Which solutions help with shedding?

Hair loss needs a multilayered approach. Externally, minoxidil remains a top choice. I also recommend follicle treatments containing stimulants to boost blood flow and support follicle health. Applying a cleansing scalp wash often helps clear out buildup and allows solutions to be more efficient. Oral aids like specialized formulas have also shown positive outcomes. They support the body from the inside out by balancing body chemistry, tension and nutritional deficiencies.

In cases requiring advanced options, PRP therapy – where a personalized serum is applied – can be beneficial. Still, my advice is to getting a professional diagnosis beforehand. Hair loss is often tied to underlying health issues, and it’s important to identify the source rather than pursuing temporary solutions.


A Hair and Scalp Specialist

Follicle Expert and leader in hair health centers and lines targeting thinning.

How often do you get your hair cut and coloured?

I schedule cuts every ten to twelve weeks, but will snip damaged ends myself bi-weekly to keep my ends healthy, and have lightening sessions every eight weeks.

Which low-cost item is a game-changer?

Hair-thickening particles are absolutely amazing if you have areas of scalp visibility. These particles bond to your existing hair, and it comes in a variety of shades, making it virtually undetectable. I personally applied it after childbirth when I had significant shedding – and also currently as I’m going through some significant shedding after having awful flu a few months ago. As hair isn’t an essential tissue, it’s the first part of you to suffer when your nutrition is inadequate, so I would also recommend a balanced, nutritious diet.

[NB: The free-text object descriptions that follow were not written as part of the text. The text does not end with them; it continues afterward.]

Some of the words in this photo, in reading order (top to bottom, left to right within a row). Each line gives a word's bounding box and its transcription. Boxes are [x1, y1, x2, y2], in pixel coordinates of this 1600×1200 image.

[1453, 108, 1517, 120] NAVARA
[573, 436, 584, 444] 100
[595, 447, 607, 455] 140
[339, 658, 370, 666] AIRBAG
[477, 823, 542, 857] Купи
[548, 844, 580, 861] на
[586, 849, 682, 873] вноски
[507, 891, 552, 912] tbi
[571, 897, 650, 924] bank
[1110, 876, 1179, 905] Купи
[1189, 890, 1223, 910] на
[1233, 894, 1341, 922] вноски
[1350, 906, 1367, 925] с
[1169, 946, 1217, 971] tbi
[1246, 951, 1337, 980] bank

Which premium option is truly valuable?

For those with genetic thinning in women, I’d say prescription hair-loss topicals. When dealing with temporary hair loss, known as TE, buying an over-the-counter product is fine, but for FPHL you really do need medicated treatment to see the optimal outcomes. In my opinion, minoxidil compounded with other hair-supportive actives – such as hormones, anti-androgens and/or anti-inflammatories – works best.

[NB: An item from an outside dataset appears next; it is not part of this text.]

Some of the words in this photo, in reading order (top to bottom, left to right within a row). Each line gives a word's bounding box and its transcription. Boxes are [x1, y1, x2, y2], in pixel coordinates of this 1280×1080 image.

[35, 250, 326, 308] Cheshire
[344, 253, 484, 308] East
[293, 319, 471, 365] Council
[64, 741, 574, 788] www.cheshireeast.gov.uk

What should you always skip?

Rosemary oil for hair loss. It doesn’t work. This idea originated from a limited 2015 research that compared the effects of a mild minoxidil solution versus rosemary extract. A 2% strength minoxidil isn’t enough to do much for genetic balding in men, so the study is basically saying they are equally minimal in effect.

Additionally, excessive biotin. Rarely do people lack biotin, so consuming it probably won't help your locks, and it can alter thyroid level measurements.

Which error is most frequent?

In my view, we should rename "hair washing" to "scalp cleaning" – because the primary purpose of washing is to rid your scalp of old oils, dead skin cells, sweat and environmental pollution. I notice clients skipping washes as they think it’s damaging to their locks, when in fact the opposite is true – particularly with flaky scalp, which is worsened by the presence of excess oils. When sebum remains on the skin, they deteriorate and lead to inflammation.

Unfortunately, what your scalp needs and what your hair likes don’t always align, so it’s a delicate equilibrium. However, if you cleanse softly and treat damp strands kindly, it shouldn't harm your hair.

Which options help with shedding?

For genetic thinning in women, start with minoxidil. Scientific support is substantial and tends to work best when compounded with other hair-supportive actives. Should you wish to enhance minoxidil's benefits, or you simply don’t want to or can’t use it, you could try micro-needling (under professional care), and perhaps platelet-rich plasma or light treatments.

In shedding cases, root cause analysis is crucial. Increased hair loss often stems from an underlying issue. In some instances, the trigger is short-term – such as illness, infection or high stress – and it will clear up naturally. In other cases, thyroid imbalances or vitamin/mineral deficiencies are the driving factor – the typical deficiencies involve iron, B12 and vitamin D – and to {treat the hair loss you need to treat the cause|address shedding, target the underlying issue|combat thinning, focus

Kelli Murphy
Kelli Murphy

A passionate historian and science enthusiast with a knack for storytelling and uncovering hidden truths.